The Vine of Desire is peopled by Indian immigrants and--just as palpably--by their hopes and dreams. As one character says, "All immigrants are dreamers, but they're practical about it. They know what's OK to dream about, and what isn't." Though it's a sequel to Chitra Banerjee Divakaruni's Sister of My Heart, the novel stands alone as an exploration of the contemporary immigrant experience. Anju and Sudha, cousins and best friends since their Calcutta girlhood, find themselves in the Bay Area, Anju with a husband and Sudha with a baby daughter. Each covets what the other has until finally their relationship collapses. Anju finds solace among her fellow Berkeley students, while the beautiful Sudha learns, for the first time, what it's like to pay her own way. Digressive and overwritten, The Vine of Desire can try your patience, but it's so well plotted and compassionately told that you can't help but care about these immigrant dreams. --Claire Dederer
From Publishers Weekly
This exquisitely rendered tale of passion, jealousy and redemption continues the extraordinary relationship between Anjou and Sudha, the two exceptional women at the heart of Divakaruni's praised Sister of My Heart.

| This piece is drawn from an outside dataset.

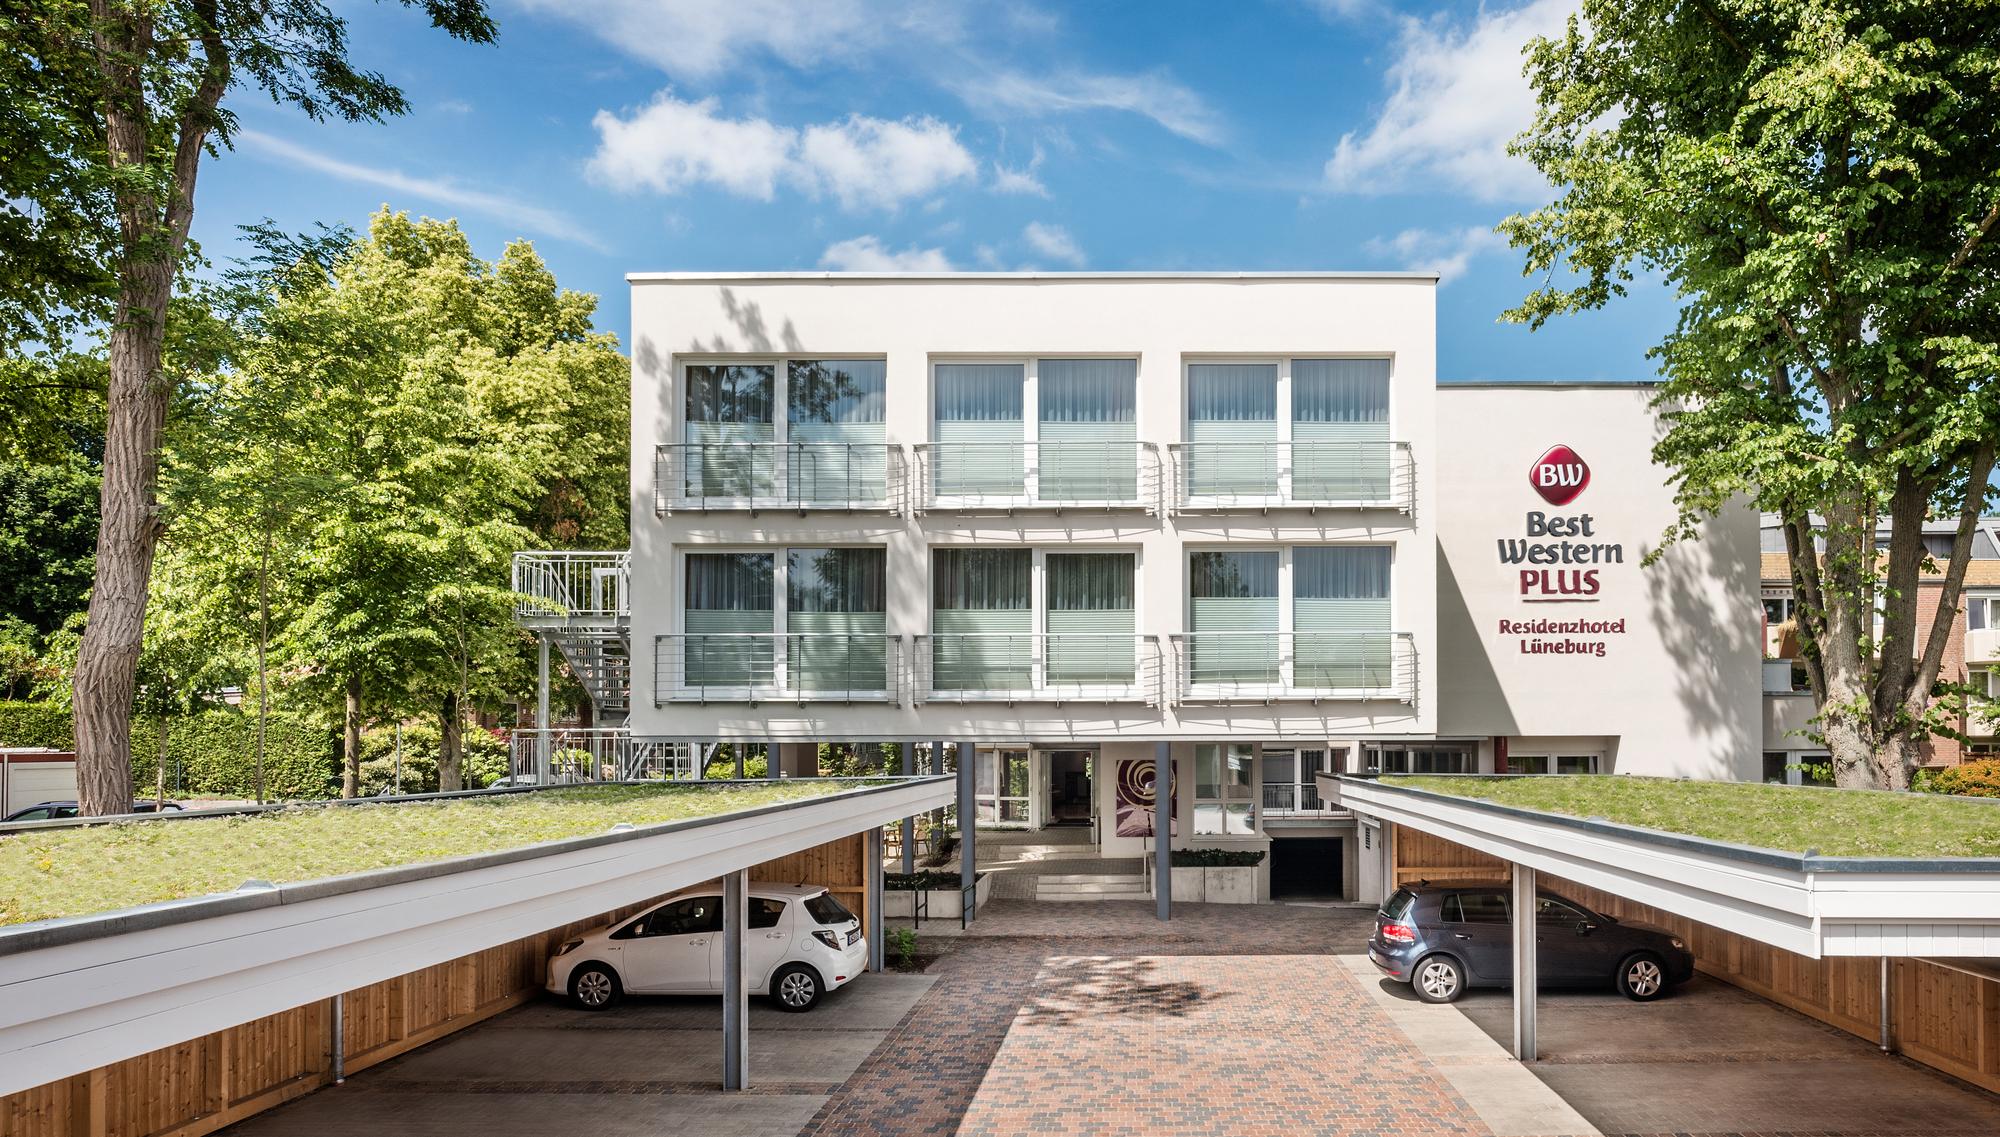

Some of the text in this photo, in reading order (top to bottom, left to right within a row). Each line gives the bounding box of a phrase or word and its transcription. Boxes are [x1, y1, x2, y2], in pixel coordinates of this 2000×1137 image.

The two cousins have traveled a lifetime away from their home city of Calcutta to California, a place so foreign to their native culture and traditions that they must constantly reevaluate their bearings and values. Anjou, miserable after a miscarriage and its unhappy effect on her marriage, and Sudha, fleeing both a husband whose family urged her to abort her daughter, and a first love who wants to take care of her and her child, hope to find solace in their sisterlike relationship. Divakaruni expertly juxtaposes the challenges, freedoms and crassness of modern-day America with the issues, both personal and cultural, each woman faces. Anjou uses Sudha to help her cope with a growing restlessness as well as with dissatisfaction with her husband, Sunil. Sudha is both comforted and suffocated by her life as an escapee from her past, becoming a servant in her cousin's household. At the same time, each woman must eventually acknowledge Anjou's husband's unspoken but obvious attraction to Sudha. Divakaruni combines a gift for absorbing narrative with the artistry of a painter. Her lyrical descriptions of the characters' inner and outer worlds bring a rich emotional chiaroscuro to an uplifting story about two women who learn to make peace with the difficult choices circumstances have forced upon them. Agent, Sandra Dijkstra. National author tour. (Feb. 1)Forecast: Already a reading group favorite, and consistently hailed by critics, Divakaruni can expect excitement for this book to build quickly.